Basically, the overall report says demand has reached pre-pandemic levels, but the supply of the bubble is limited by external factors such as shipping backlogs. These issues create a trickle-down effect that further affects the backlog. Semiconductors are another issue. Sleep Number’s fourth-quarter 2021 sales loss is estimated at $125 million due to semiconductor supply constraints.
I believe that with the outbreak of the Russian-Ukrainian war, the situation may get worse and will continue for several months. However, I am bullish on the long-term outlook for supply chain issues as countries begin to ramp up production to meet growing demand.
In the short term, prices for existing components will continue to rise, and companies should strive for as much cash on hand as possible to meet their supply constraints. Sleep Number has historically left little cash on its balance sheet, and it relies on meeting its working capital needs to be critical to its long-term sustainability during these stressful times.
On a strict EPS basis, the company expects diluted EPS growth of 10%-15% in 2022. The current price-to-earnings ratio is 10, which means the share price is around $67-70 per share. However, the company’s historical P/E ratio is much higher, averaging between 15-20. This implies a share price between $100 and $105.

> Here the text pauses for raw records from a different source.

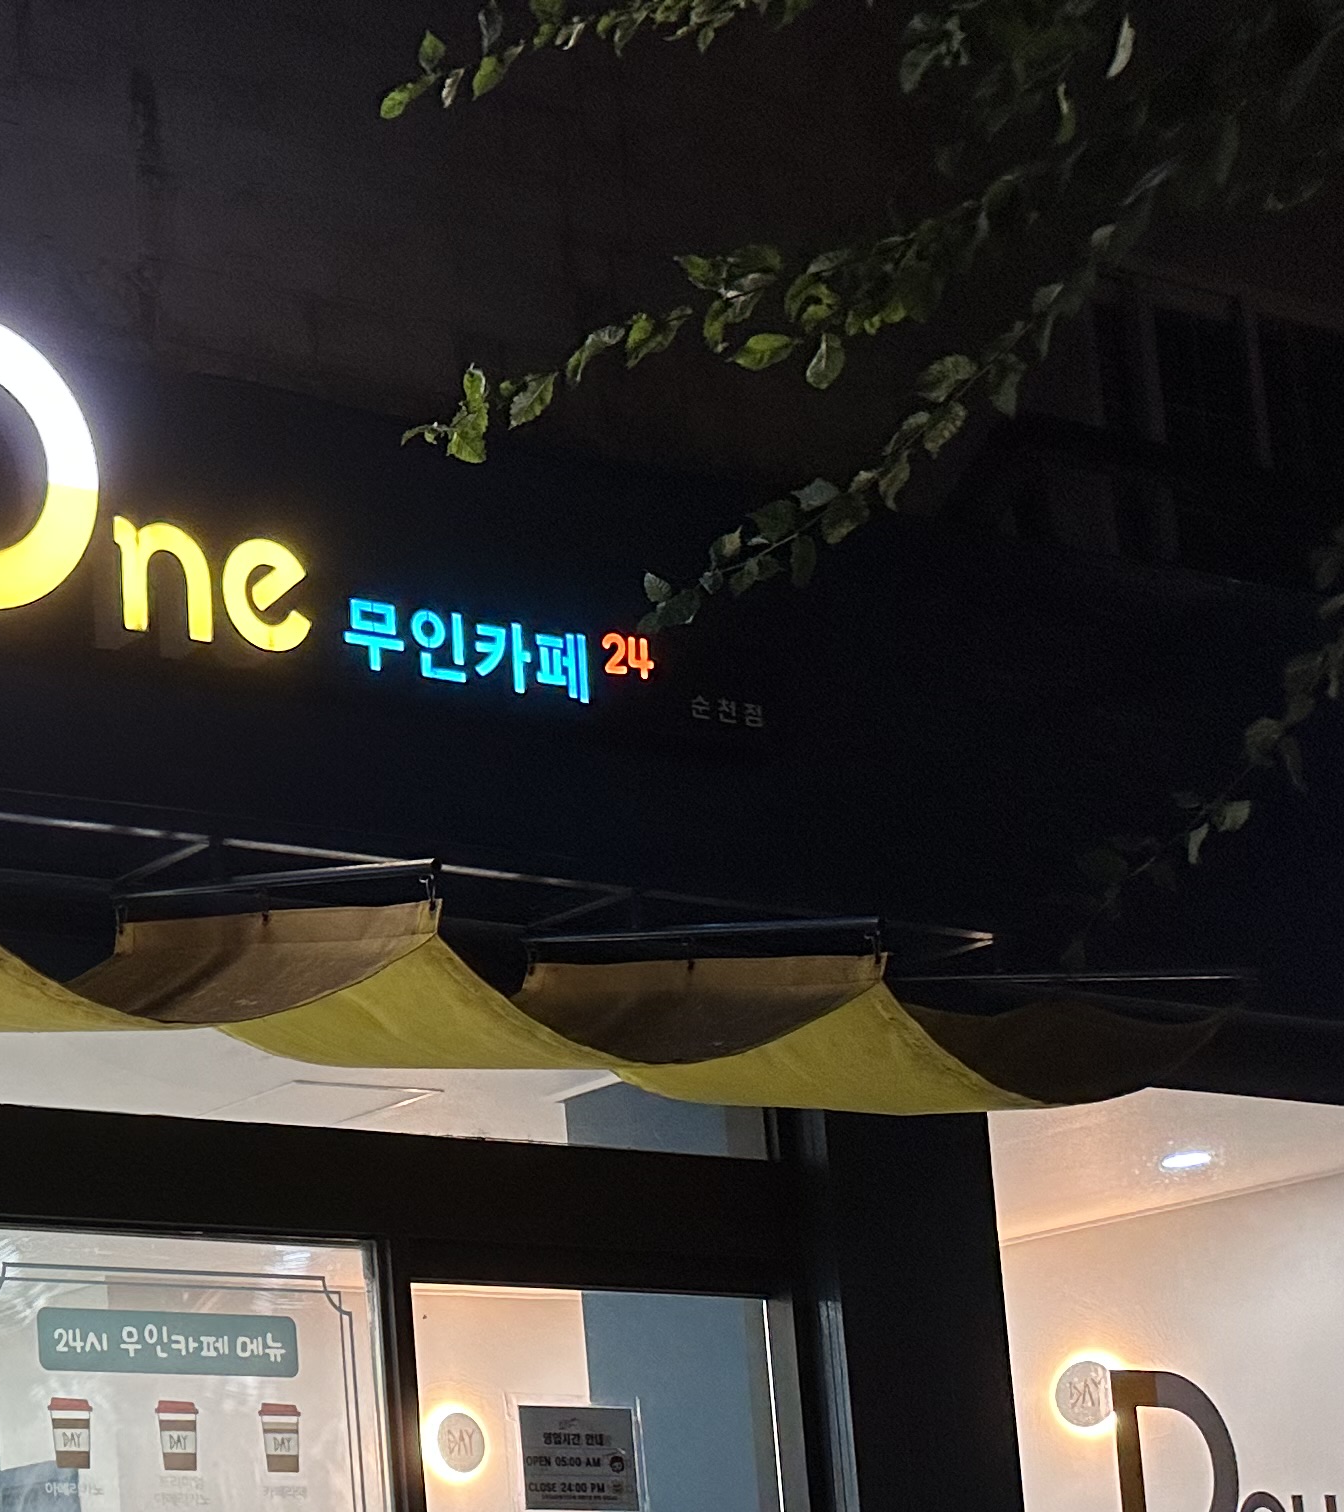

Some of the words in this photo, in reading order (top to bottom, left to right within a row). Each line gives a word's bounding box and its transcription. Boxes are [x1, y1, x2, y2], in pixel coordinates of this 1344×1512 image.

[344, 597, 590, 703] 무인카페
[601, 632, 654, 680] 24
[53, 1325, 109, 1355] 24시
[120, 1322, 230, 1360] 무인카페
[236, 1333, 288, 1364] 메뉴
[62, 1431, 83, 1449] DAY
[169, 1434, 189, 1450] DAY
[273, 1436, 293, 1452] DAY

Now, valuations based on average and historical P/E ratios have some serious flaws. Therefore, valuing on this basis alone is dangerous. However, combined with the above points about the company’s valuation, a stock value of around $65 would be sufficient. All in all, at the current price of $63, the market appears to be pricing in a 10%-15% increase. If you’re long-term, this shouldn’t matter because this is a very well-run company that will create alpha for generations of shareholders.

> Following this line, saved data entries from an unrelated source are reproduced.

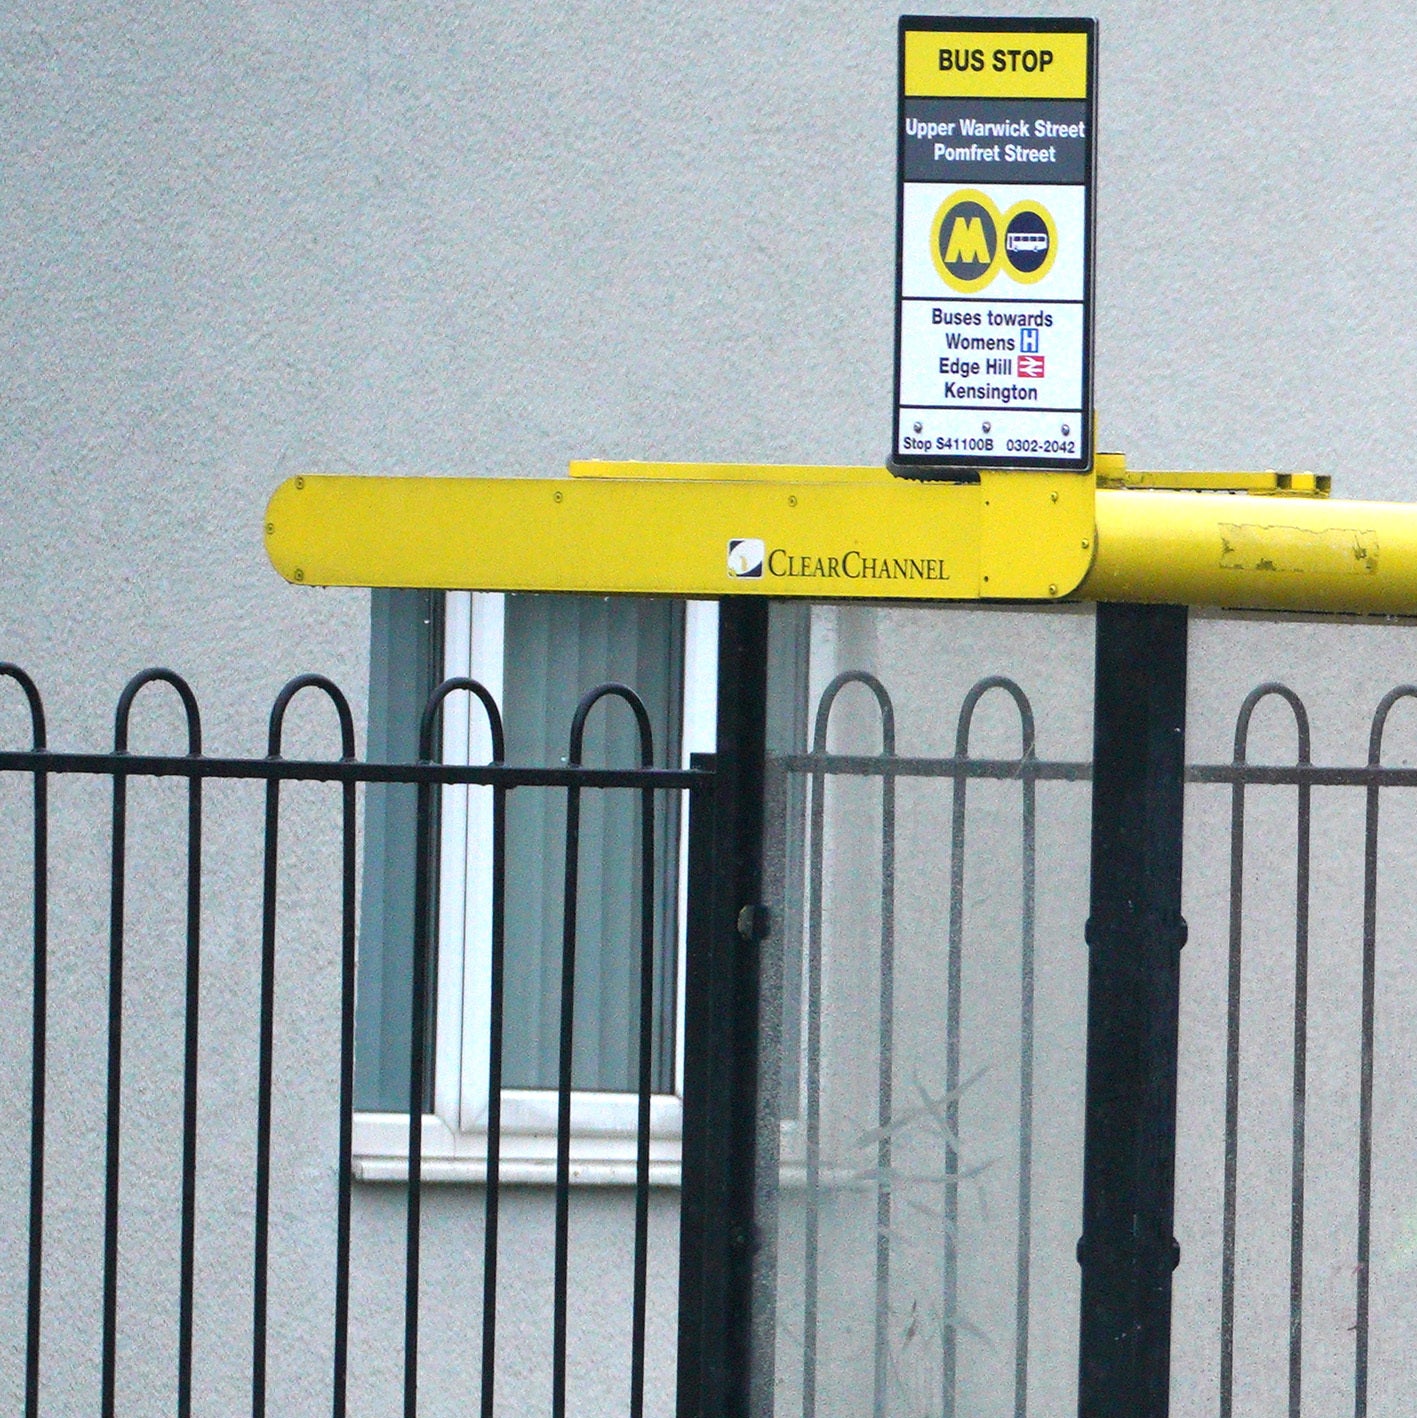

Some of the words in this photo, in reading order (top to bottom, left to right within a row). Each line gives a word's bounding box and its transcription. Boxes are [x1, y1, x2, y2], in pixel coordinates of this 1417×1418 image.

[939, 49, 985, 71] BUS
[992, 50, 1053, 72] STOP
[905, 118, 955, 139] Upper
[959, 118, 1030, 137] Warwick
[1034, 120, 1086, 138] Street
[934, 143, 1000, 161] Pomfret
[1004, 144, 1056, 162] Street
[931, 308, 982, 326] Buses
[987, 310, 1053, 327] towards
[945, 333, 1015, 351] Womens
[939, 357, 980, 377] Edge
[986, 358, 1012, 375] Hill
[944, 382, 1038, 403] Kensington
[903, 437, 932, 452] Stop
[936, 438, 994, 451] S41100B
[1006, 439, 1076, 453] 0302-2042

Sleep Number is a cash cow that generates growing revenue and reinvests its earnings at impressive rates of return. In turn, the company is following a strong strategy of deploying its capital into a model to improve its existing assets and generate new assets that are growing at such a high rate. It’s a viable long-term strategy that could quickly turn this small-cap company into a mega-giant.

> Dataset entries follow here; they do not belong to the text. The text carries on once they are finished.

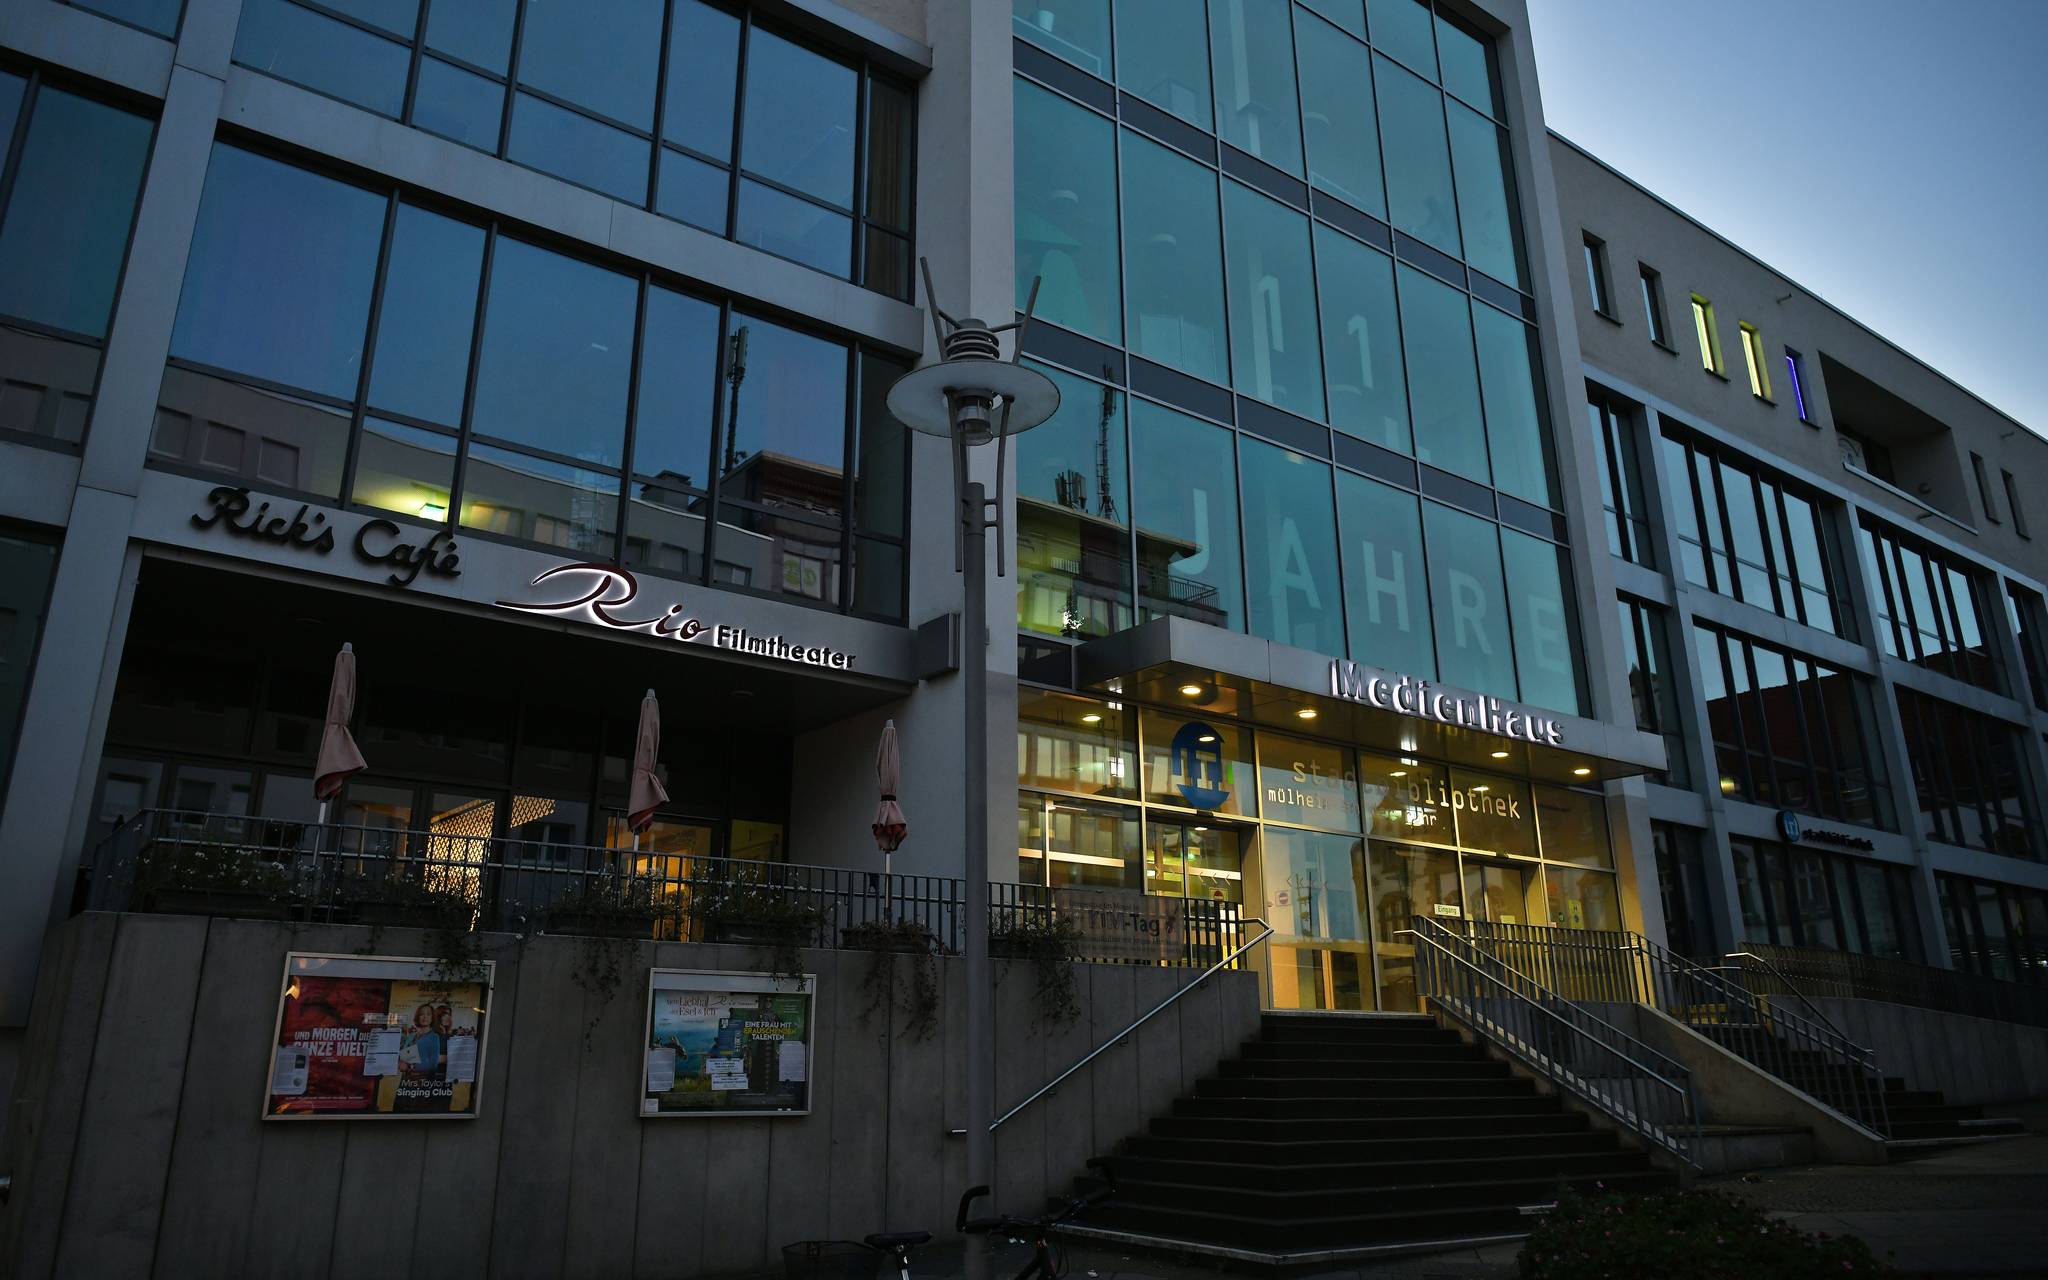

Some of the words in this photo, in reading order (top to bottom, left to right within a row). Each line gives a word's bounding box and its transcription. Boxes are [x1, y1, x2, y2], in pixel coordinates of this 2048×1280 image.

[191, 486, 335, 554] Rick's
[355, 519, 461, 586] Café
[1170, 487, 1571, 676] JAHRE
[494, 562, 711, 640] Rio
[716, 625, 857, 670] Filmtheater
[1437, 905, 1457, 915] Eingang
[294, 1031, 310, 1041] UND
[311, 1027, 358, 1041] MORGEN
[751, 1033, 785, 1041] TALENTEN
[336, 1041, 368, 1057] WELT
[396, 1088, 431, 1098] Singing
[432, 1088, 453, 1097] Club

With a market cap of just $1.4 billion and a projected market share of 8% in 2019, the company has plenty of room to grow in the sleep wellness industry, which the company reported to be worth more than $30 billion in 2020. With this ongoing strategy, the company can quickly become a market leader and contribute to the continued growth of the industry, resulting in long-term profitability and shareholder returns for future generations.